Zoeklicht

De managementboeken staan er vol van: uitleg over de begrippen zoals ‘core business’ en ‘core competence’. Maar is het ondernemingen wel duidelijk wat ermee wordt bedoeld? Niet altijd. Neem de ‘core business’ ofwel ‘kernactiviteit’. ‘Dat is waar we het meeste mee verdienen – zo zullen veel ondernemers hun kernactiviteit wel omschrijven. Zelfs wie zich in deze definitie kan vinden, zal zich afvragen: Hoe komt het dat een onderneming het meeste verdient aan bepaalde activiteiten, en niet aan andere? Hoe komt het dat juist die onderneming er zo veel aan verdient, en andere ondernemingen niet? En: hoe herken je potentieel winstgevende activiteiten?

Die laatste vraag is natuurlijk bij vele overnames actueel. Immers: ondernemingen nemen in de regel alleen over als ze er op een of andere manier op vooruitgaan. En meestal kan dat alleen als ze beter gaan renderen door de activiteiten die zij overnemen. Het overbekende ‘synergie-‘ oftewel ‘één plus één is drie’- effect.

Uit de vele fusie- en overnameberichten van de afgelopen jaren rijst geen eenduidig beeld waaruit ondernemingen denken dat die synergetische effecten bestaan. Nu is het eens dat twee ondernemingen elkaar uitstekend aanvullen en versterken. Tevreden wordt er gesignaleerd dat er geen ‘overlap’ bestaat. Zo liet het KPN onlangs weten dat hoopt te profiteren van alle verschillen met de onlangs overgenomen internet-provider XS4all. Bij XS4all zouden volgens KPN innovatieve gebruikers zijn aangesloten, met een hoge voorkeur voor nieuwste internet-snufjes.
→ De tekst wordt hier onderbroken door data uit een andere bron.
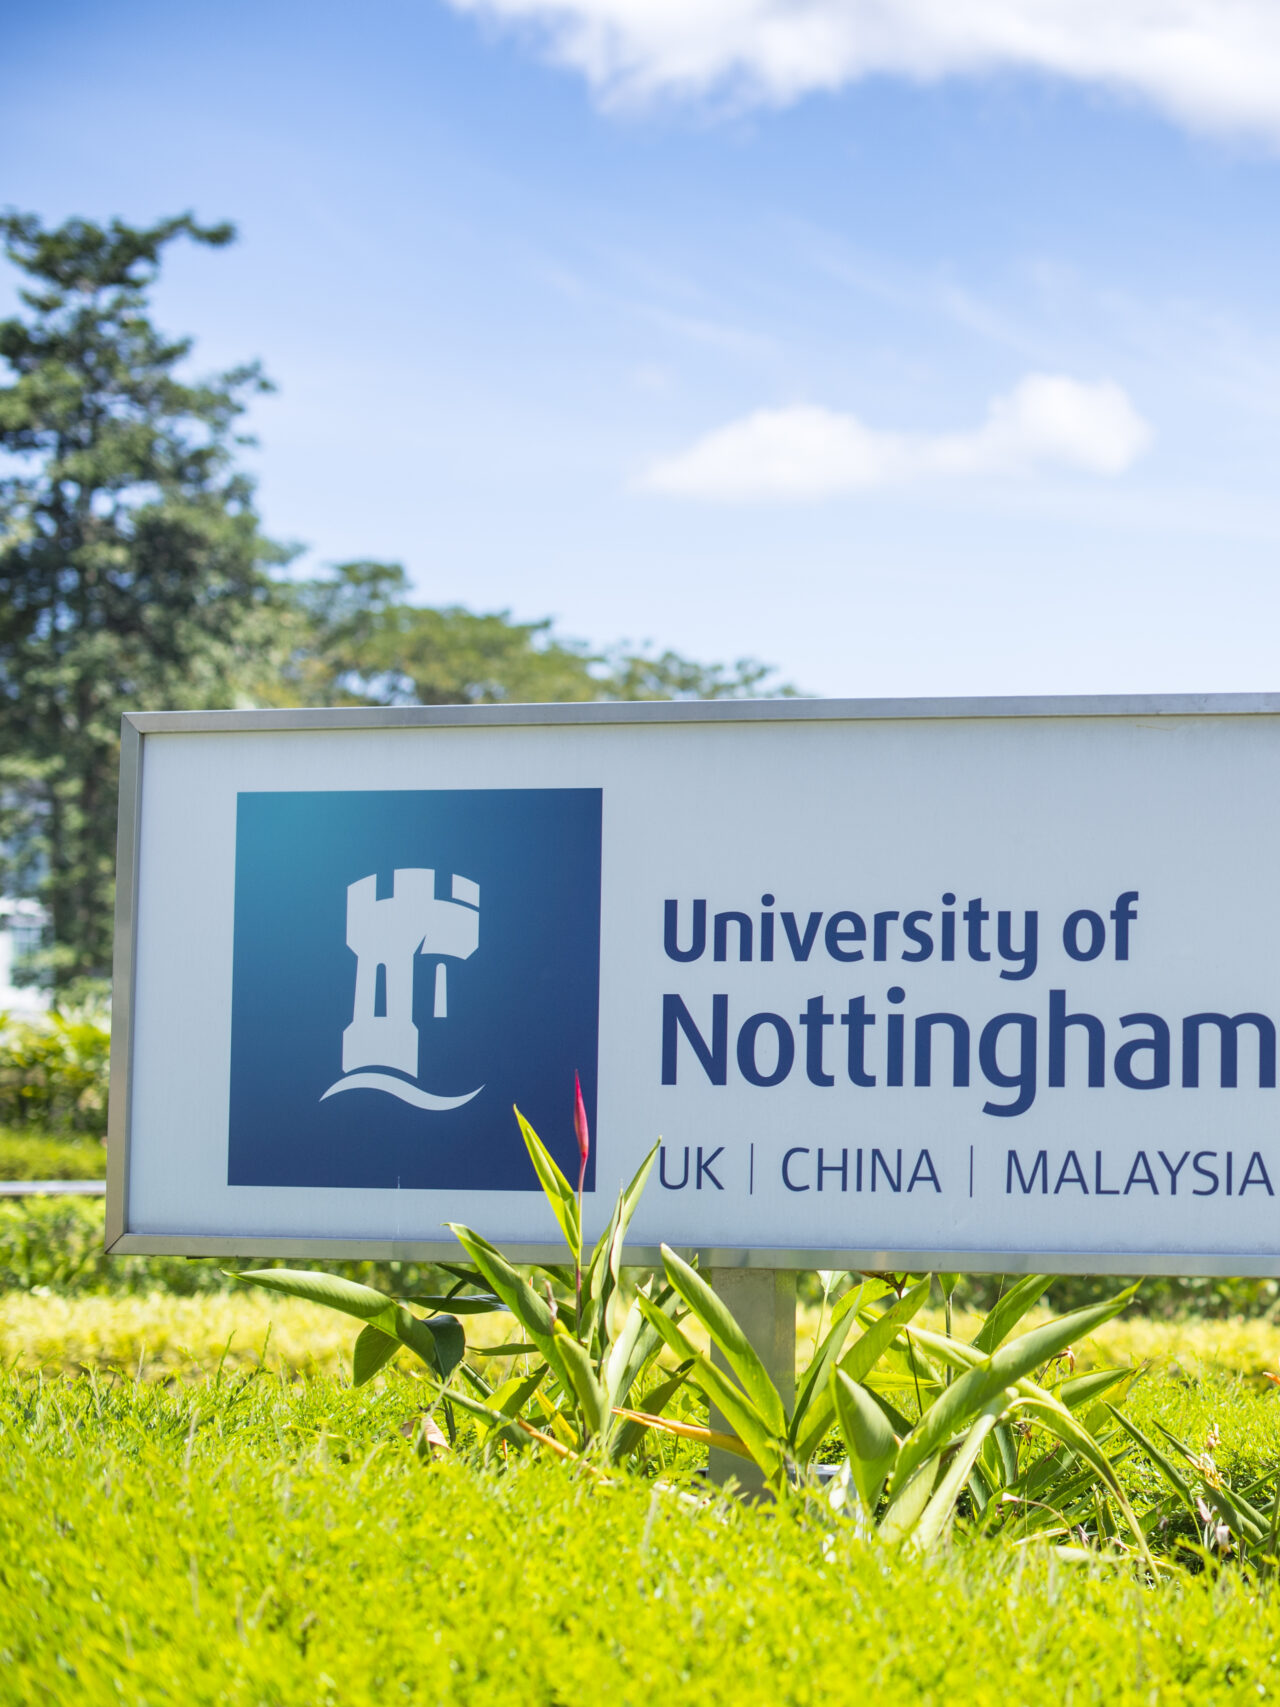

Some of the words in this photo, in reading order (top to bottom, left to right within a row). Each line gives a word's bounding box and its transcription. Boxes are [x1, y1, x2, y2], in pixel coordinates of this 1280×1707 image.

XS4all heeft het geld niet om alle gewenst technische innovaties te introduceren; KPN heeft het geld wel maar mist aansluiting met de trendsettende Internetter. Door de overname kan XS4all aan geld komen en KPN aan klanten – dat is de essentie van deze ‘deal’.

Een andere uiterste vormen de berichten waarin juist hoog wordt opgegeven van alle overeenkomsten tussen twee ondernemingen die samengaan. Zo wordt de huidige fusie- en overnamegolf in de oliesector begeleid door berichten dat de ondernemingen divisies ‘in elkaar zullen schuiven’ en gelijksoortige activiteiten zullen bundelen. Misprijzen is er voor ondernemingen die de krachten bundelen hoewel ze weinig gemeen hebben. Voor Petrofina en Total, bijvoorbeeld. Petrofina is sterk in olieraffinage en verkoop van olieproducten. Total eerder in opsporing en winning van olie, en dan vooral in betrekkelijk riskante projecten ‘upstream’. Het concern is namelijk te klein om even grote en kapitaalintensieve projecten op zich te nemen als de allergrootste concerns. Had Total niet beter aansluiting kunnen vinden bij een maatschappij die zich eveneens heeft toegelegd op activiteiten ‘upstream’, zo vragen veel deskundigen zich af. Met andere woorden: was dat niet een betere versterking geweest van de eigen ‘kernactiviteiten’?

De directeur van een onderneming op overnamepad moet zich een beetje voelen als een licht-operateur in een schouwburg die twee zoeklichten bedient. Hij kan alleen het hele podium belichten als hij de spotjes ver uit elkaar houdt. Geen enkel punt op het podium staat echt goed in het licht. Als hij iemand goed wil laten uitkomen, moet hij beide lampen op een plek richten. Daar ontstaat dan een cabine van licht waarin de toneelspelers zich uit kunnen presenteren aan het publiek. Buiten het bereik van de schijnwerpers is het nu helemaal donker.

Het moet uit de breedte of uit de diepte komen – ook bij fusies en overname. Een fusie of overname tussen twee ondernemingen die weinig gemeen hebben doet denken aan een toneel dat is ondergedompeld in matglanzen zoeklichten. Bij twee verwante ondernemingen hebben die lichtbundels elkaar gevonden.